Behavior often seems obsessive to others or repetitive in an unusual way.  Their behavior often shows a  lack empathy for others.

Social interaction is often completely inappropriate or awkward.  There is usually an inability to read a situation or even nonverbal clues from others.

I am not attempting to fully describe Asperger’s.  Here is a test/checklist for Asperger’s that may help you see some more characteristics. 

Naturally, these vary in degree for each person with Asperger’s.

Of course, with training, they can develop and improve these skills, but they will always a struggle in some way.

Usually, these behaviors are ones that “should” have been mastered at a younger age, so what mommies do is jump to the poor parenting card.

They may not flash the card, but they’ll wave it in their heart.  They’ll possibly show it on their face.  Or talk about it to other mommies.

And one mommy is suddenly judged. And found lacking.

Instead of extending grace and taking the time to consider that maybe, just maybe, there is something atypical going on, poor parenting is the decision.

I’ve seen it happen.  I’ve done it.  I’ve heard countless times of others doing it.

One woman I knew who had a child with Asperger’s said that she started carrying business cards that said something like this:

Our son has Asperger’s, which is related to autism.  We are working hard with him to help him develop skills in many areas, but please know we are trying.  Harsh stares.  Unkind words.  Rude nonverbals.  None of those encourage or help us.  Please look up Asperger’s to see what my son is having to work through and maybe extend kindness to the next child and mother you see in our situation.

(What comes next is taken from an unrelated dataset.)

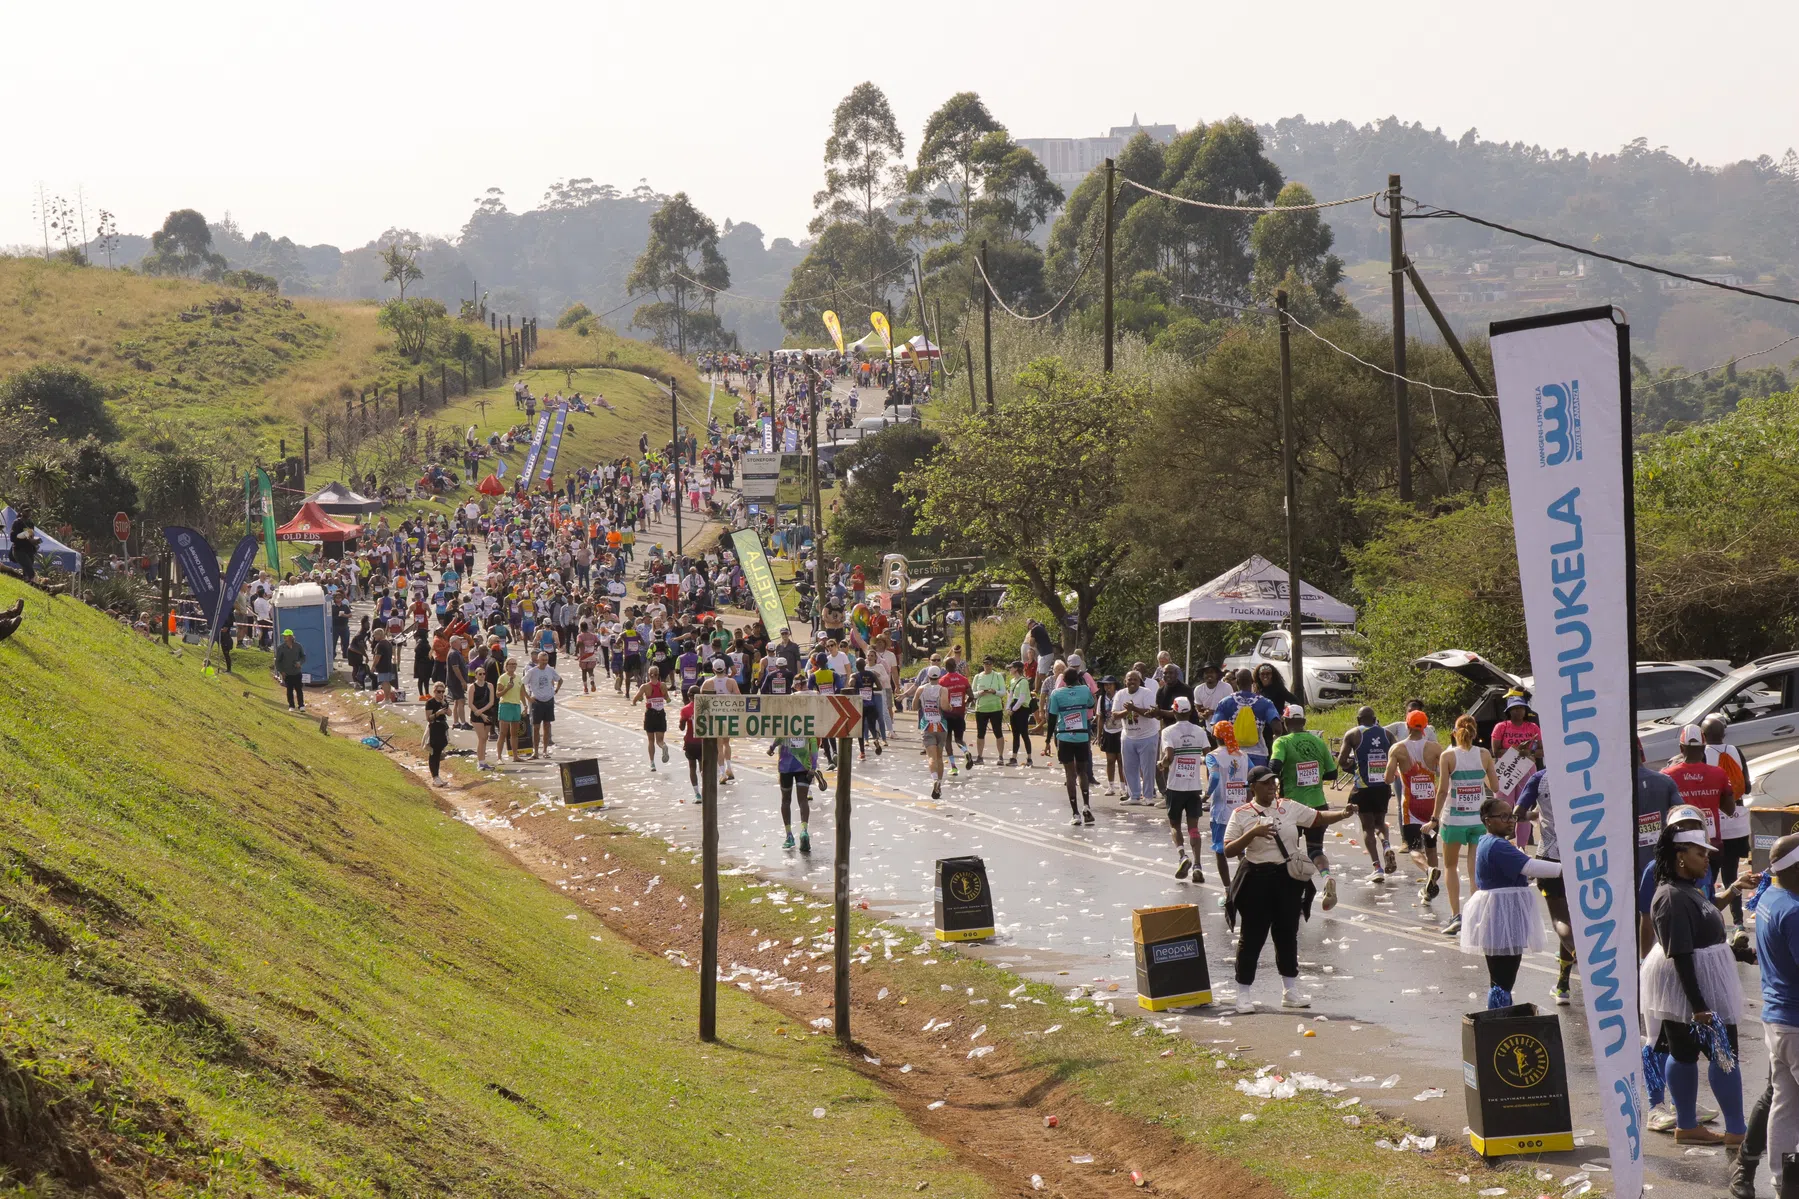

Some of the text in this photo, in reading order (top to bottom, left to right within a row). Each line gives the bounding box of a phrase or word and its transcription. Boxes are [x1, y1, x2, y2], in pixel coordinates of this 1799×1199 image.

How heartbreaking that she felt the need to carry such a card.

It’s true, though, that children with Asperger’s syndrome lack the blatantly obvious clues that autism has, so children seem to be undisciplined, when they aren’t.  They just have to be disciplined and trained differently.

And their mamas sure could use some grace, some love, and some compassion.

They are working ten times harder than the rest of us to teach appropriate behavior and social skills.

I remember a woman who fully believed and shared, “I believe all children can be trained in the same way.  The same principles apply to all children, regardless of ‘issues’.”  Sigh. I  wish I had had the courage to tell her she was wrong.  While all children are wonderful and deserve loving parenting, they don’t all learn appropriate behavior in the same way.  There is no one size fits all child training.

Her kind of mentality and lack of grace is what hurts so many mothers.  Let’s not be that mom.

May our mommy circles encompass those who are working with different circles.  May they be loving places of encouragement and grace.  May they not leave hard working women on the outside.

Do you know any mothers of kiddos with Asperger’s? 

*Remember, as I said in my first Autism Awareness post, the DSM5 takes Asperger’s out as a separate syndrome and it becomes autism only.